Entretien Avec Vanupié

artiste reggae français; Vanupié

Vanupié – photo par La Vie Reggae

J’ai eu l’honneur de rencontrer le chanteur Vanupié, qui a sorti son album « Free Birds » sous le label français Soulbeats Records au cours du mois d’octobre. Pour célébrer sa sortie, il sera en concert à la Cigale le 6 novembre. Une voix suave, un style tellement inclassable que le mieux était de lui demander directement comment il percevait sa musique. Un grand merci à lui d’avoir accepté cette entrevue.
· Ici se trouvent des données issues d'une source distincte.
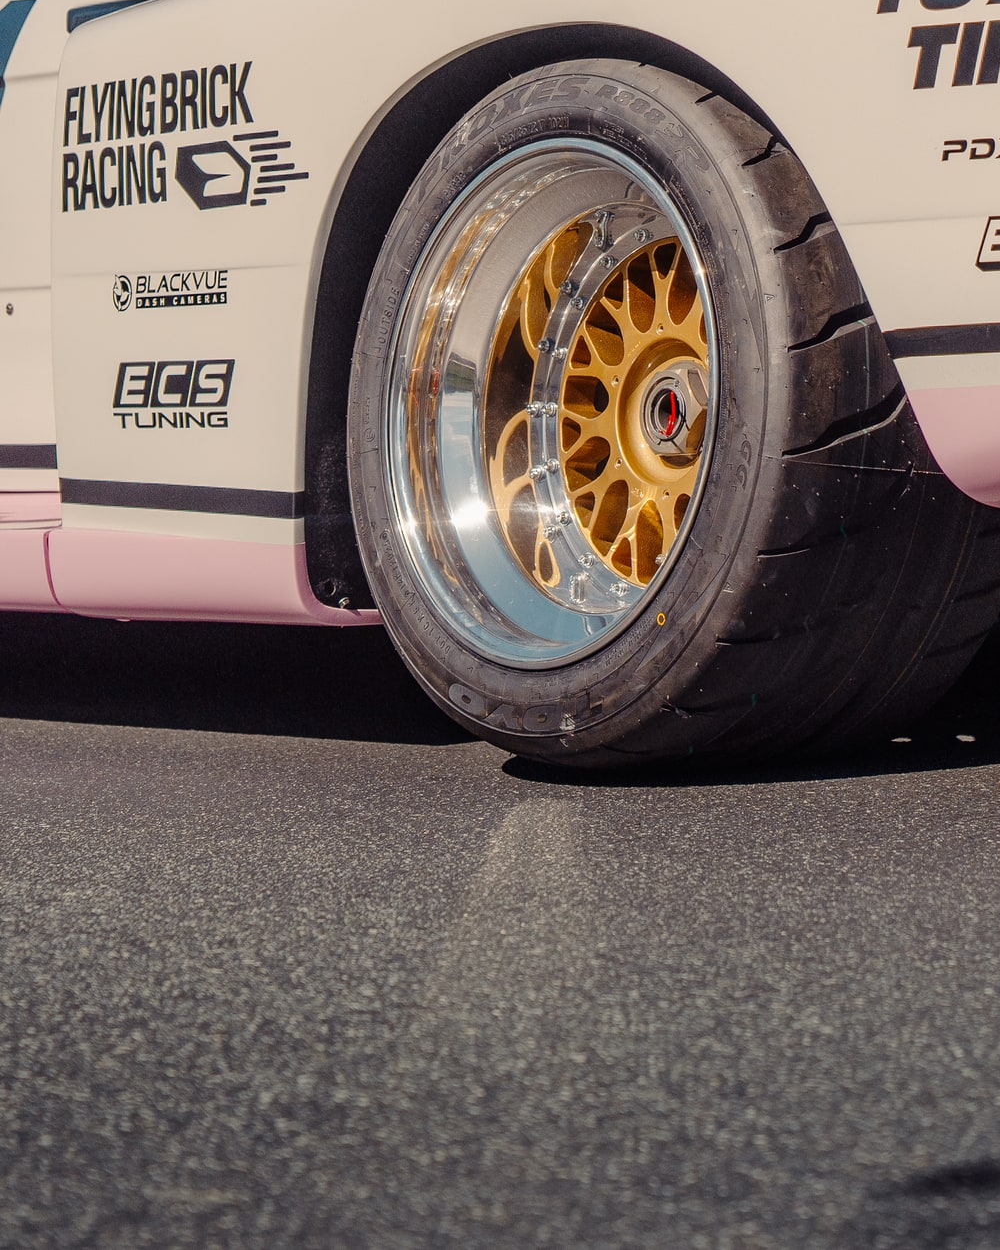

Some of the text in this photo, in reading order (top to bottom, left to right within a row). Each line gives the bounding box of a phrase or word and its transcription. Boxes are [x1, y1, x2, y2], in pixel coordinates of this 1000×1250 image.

[63, 61, 253, 147] FLYING BRICK
[62, 141, 167, 213] RACING
[136, 270, 228, 294] BLACKVUE
[137, 293, 226, 307] DASH CAMERAS
[377, 287, 400, 347] OUTSIDE
[113, 359, 235, 408] ECS
[113, 412, 229, 429] TUNING
J’ai découvert un chanteur simple, sincère, ayant les pieds sur terre, ouvert d’esprit et passionné par la musique au sens large. Son album reflète son amour pour la musique avec des mélodies et des sonorités ultra variées sur des messages poétiques bien exprimés.

La Vie Reggae (LVR) : Une rapide présentation.
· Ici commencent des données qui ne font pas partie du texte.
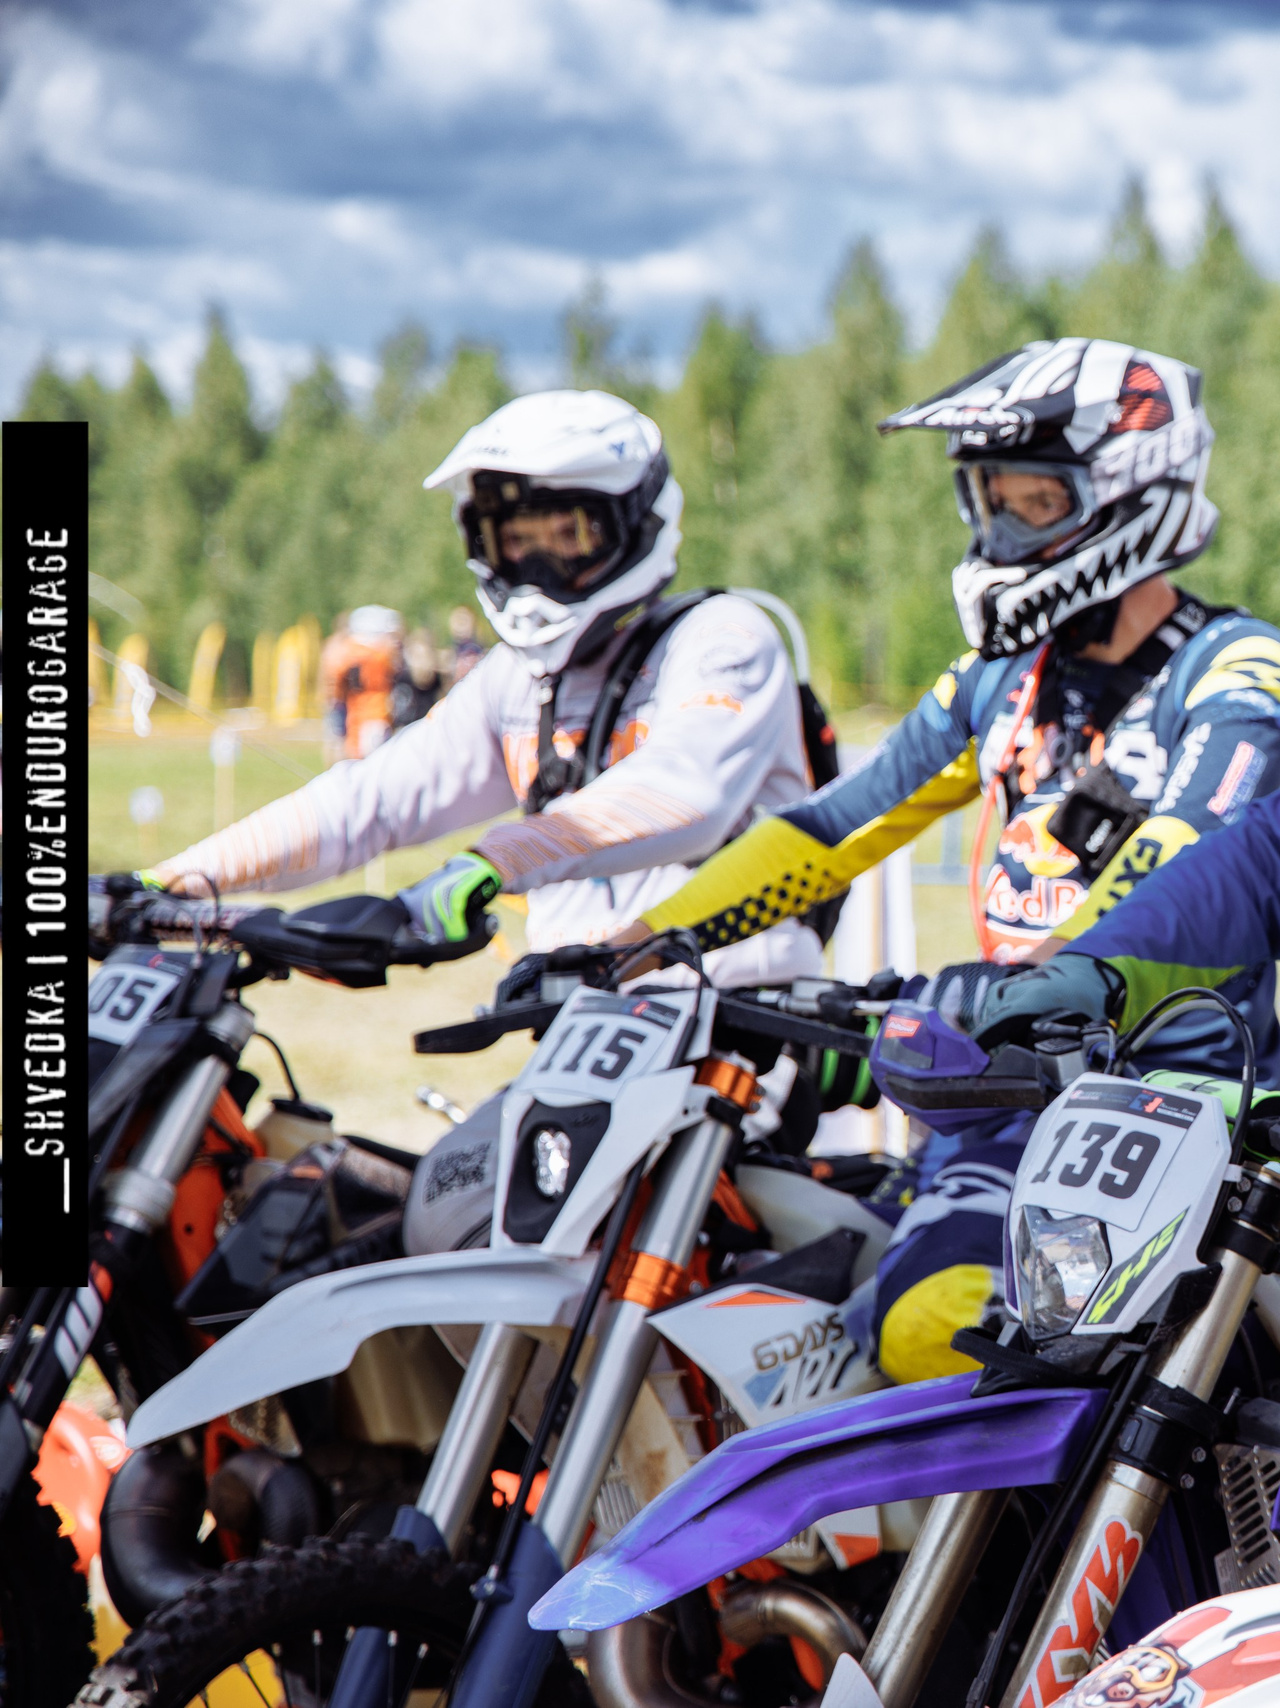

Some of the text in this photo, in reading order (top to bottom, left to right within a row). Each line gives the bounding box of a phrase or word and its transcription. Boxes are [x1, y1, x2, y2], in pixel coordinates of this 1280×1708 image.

[539, 1023, 647, 1081] 115
[1031, 1120, 1161, 1200] 139
[751, 1310, 845, 1373] 6DAYS
Vanupié (V) : J’ai 33 ans, je suis né à Annecy en Haute Savoie. J’ai passé une vingtaine d’années en région parisienne avant de monter sur Paris. J’ai d’abord commencé à travailler dans le monde de la publicité, comme assistant, puis directeur artistique avant de terminer concepteur rédacteur. Vers 26-27 ans, en vacances, je rencontre par hasard des musiciens avec lesquels nous décidons de lancer un premier projet musical qui se conclura par la production d’un premier disque.
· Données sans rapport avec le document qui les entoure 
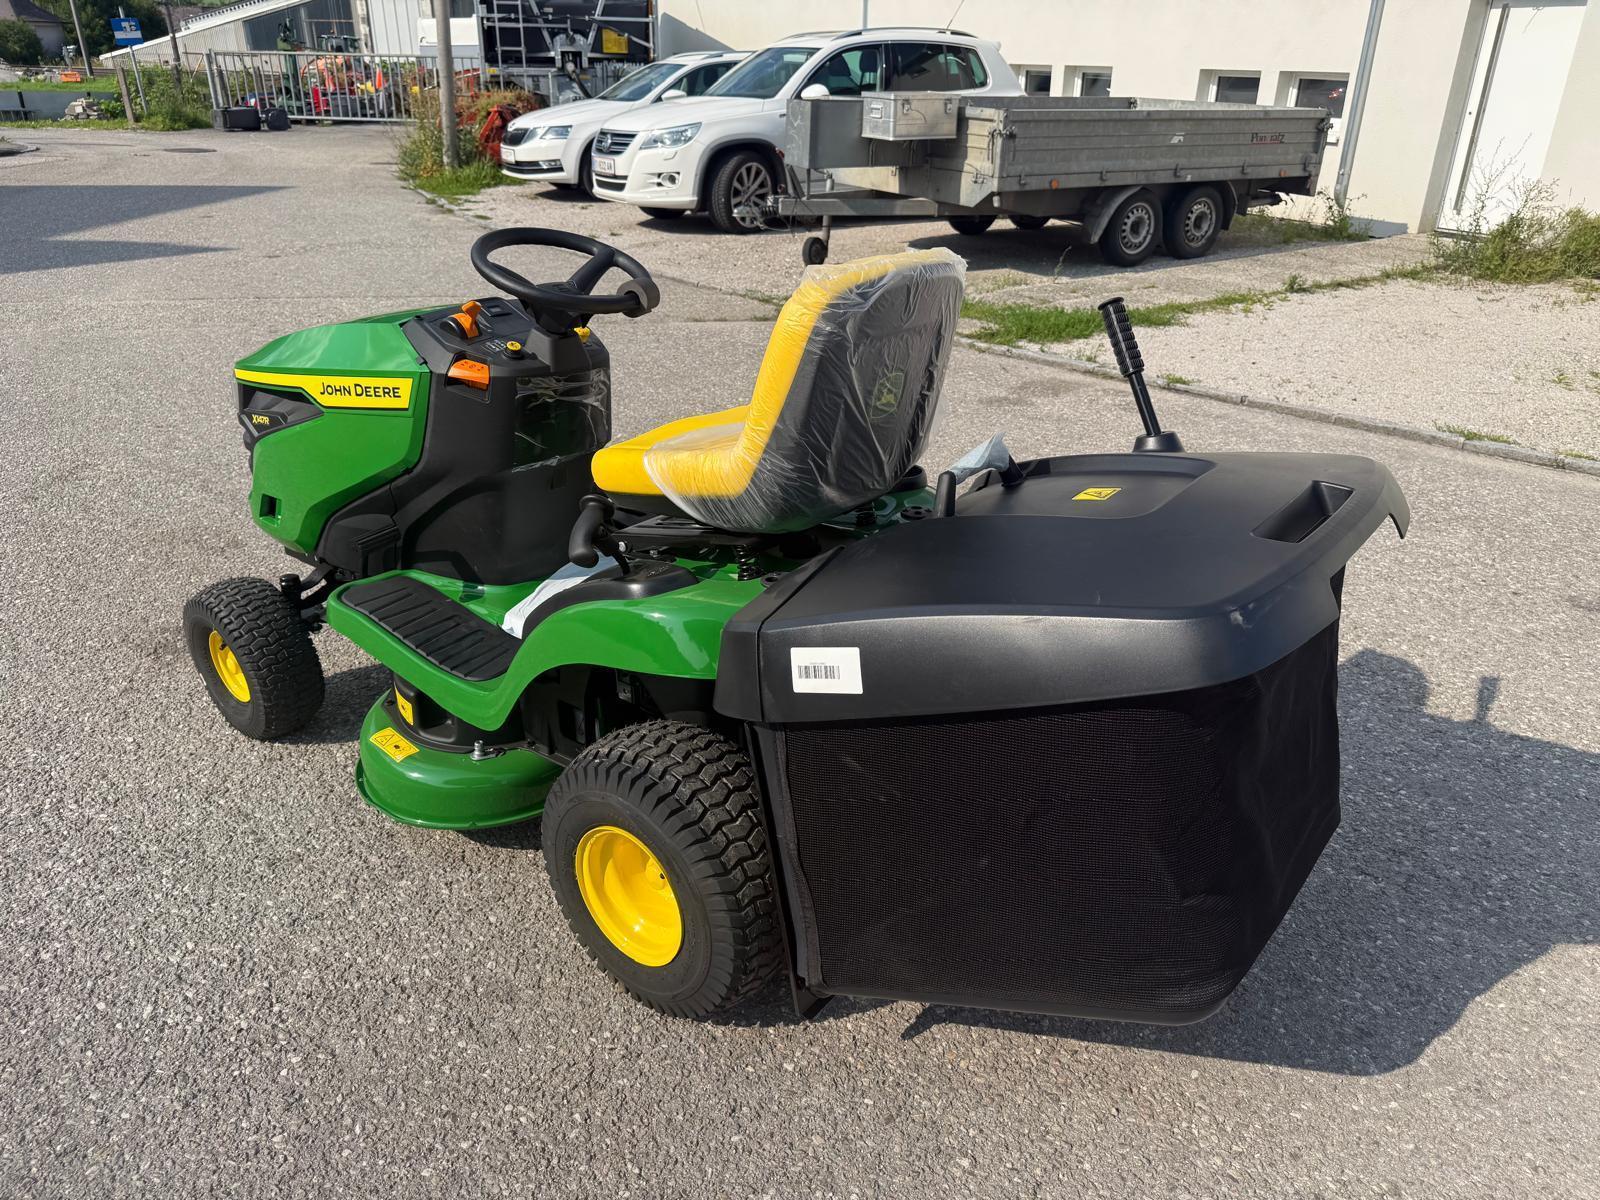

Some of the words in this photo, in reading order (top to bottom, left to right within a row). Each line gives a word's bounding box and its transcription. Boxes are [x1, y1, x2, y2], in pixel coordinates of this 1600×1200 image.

LVR : Quelles sont tes influences musicales ?

V : Mon père était musicien de flamenco et m’a transmis très tôt sa passion pour la musique. J’ai appris rapidement à manipuler une guitare. Vers 11 ans, je me suis acheté mon premier CD, « Legend » de Bob Marley qui va renforcer mon amour pour la musique et ma soif de découvrir. Par la suite, je me suis imprégné d’univers musicaux variés : folk, rock ou soul avec des artistes comme Paul Simon, James Brown ou Ben Harper. Ce dernier m’a d’ailleurs beaucoup inspiré, je l’ai énormément écouté pour parvenir à comprendre et reproduire ses compositions.  Par la suite, je me suis mis à écrire mes premiers textes.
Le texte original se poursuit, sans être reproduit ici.